And then I waited, sitting there on my bed, smiling stupidly, wondering—
wait, was that the good night; do I say it back now; is it too late to say it?

But then he said so beautifully, almost sleepily, “So, then, good night, Bronwen. Sleep well.”

“You too,” I said and then rolled my eyes at my completely uninspired response while I dialed Kirsten’s number in record time.

And for the first two minutes of our conversation, we didn’t even bother pretending we were thirty-five and dived right into what could only be described as gushing.

“Okay,” Kirsten said, the first to remember her condo and her job. “Okay, let’s just stop here. It’s just one phone call. And, so, okay, he’s good on the phone.”

“He’s very good on the phone,” I said. “And at coffee shops.”

“Phone and coffee shops. Right. Now we’ll see how he does at dinner. And after dinner—”

“The kiss,” I said and then remembered, “Oh, hey. Do I have to tell Chad I’m going out with him?”

“I wouldn’t go out of my way,” she said. “If you’re talking to him, and it comes up, it comes up. But right now, it’s really not that big a deal. It’s just one date. I mean, really, Pheebs, it’s possible you and Jared will have nothing in common, and you’ll sit there all through dinner discussing the menu.”

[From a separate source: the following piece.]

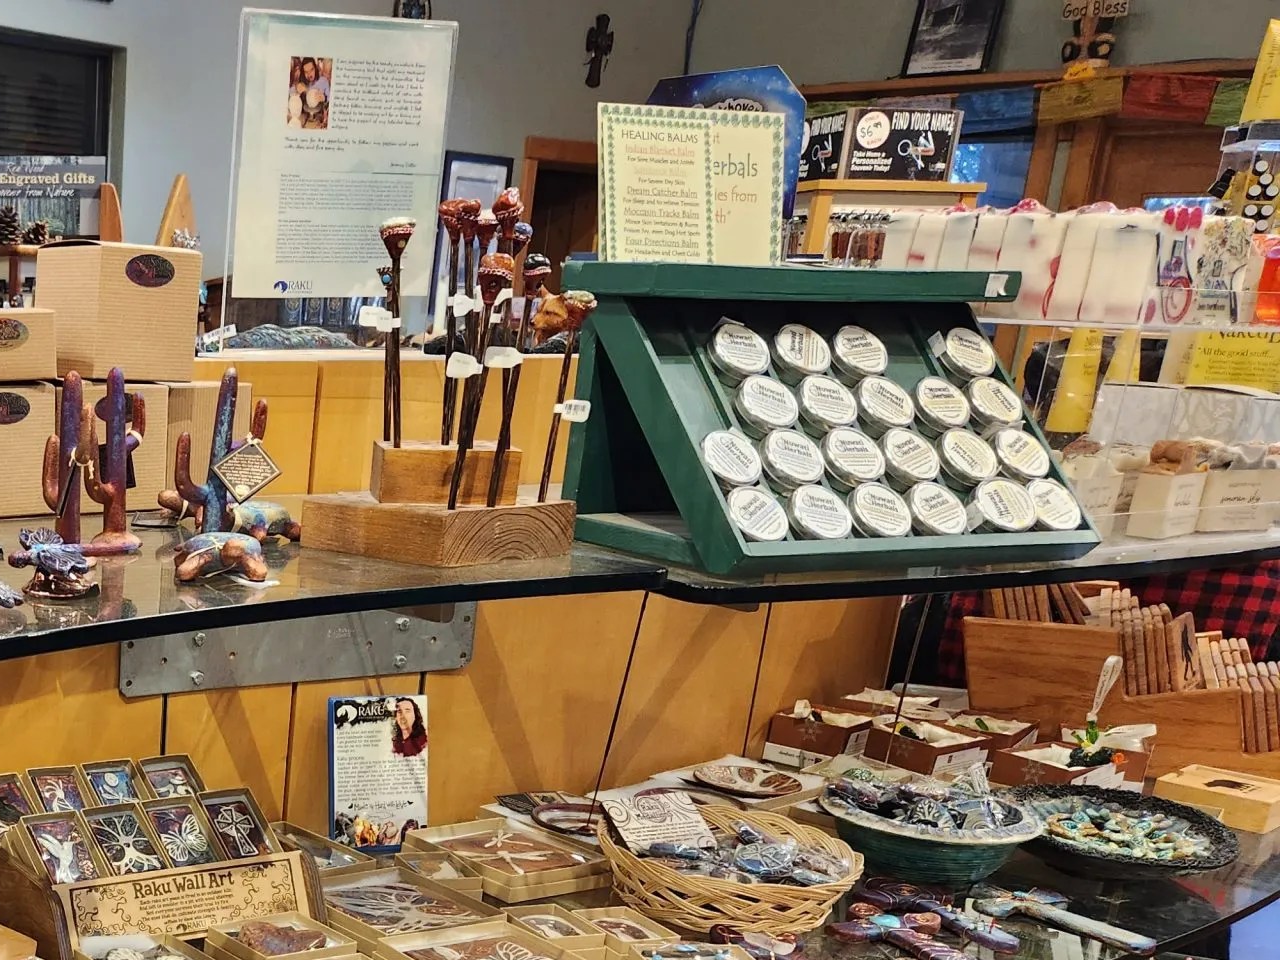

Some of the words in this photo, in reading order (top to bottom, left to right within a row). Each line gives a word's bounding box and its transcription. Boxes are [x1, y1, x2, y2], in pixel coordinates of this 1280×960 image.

“Or the lack of government oversight of private contractors in war zones,” I said.

In the morning, in the midst of my normal granola and Diet Coke breakfast, Whitt put a hand on my arm and quietly asked, “Everything okay, Bronwen?”

“Yes, thank you. Everything is fine,” I said as reassuringly as possible. “I’m not remotely upset about Chad.” I looked over at Mother, halfway across our cavernous kitchen, who pretended not to hear. “We talked. We’re friends, and—really—everything is fine.”

“Just checking,” Whitt said, adding a nod toward Mother that she didn’t see and wasn’t meant to, and it made me smile.

“In fact,” I announced, carrying my bowl to the black marble breakfast bar, “I have a date Friday night with Jared Sondervan.”

“Jared Sondervan?” Mother asked.

She clicked and tapped her way across the
room. Whitt sat one seat away from me with his coffee.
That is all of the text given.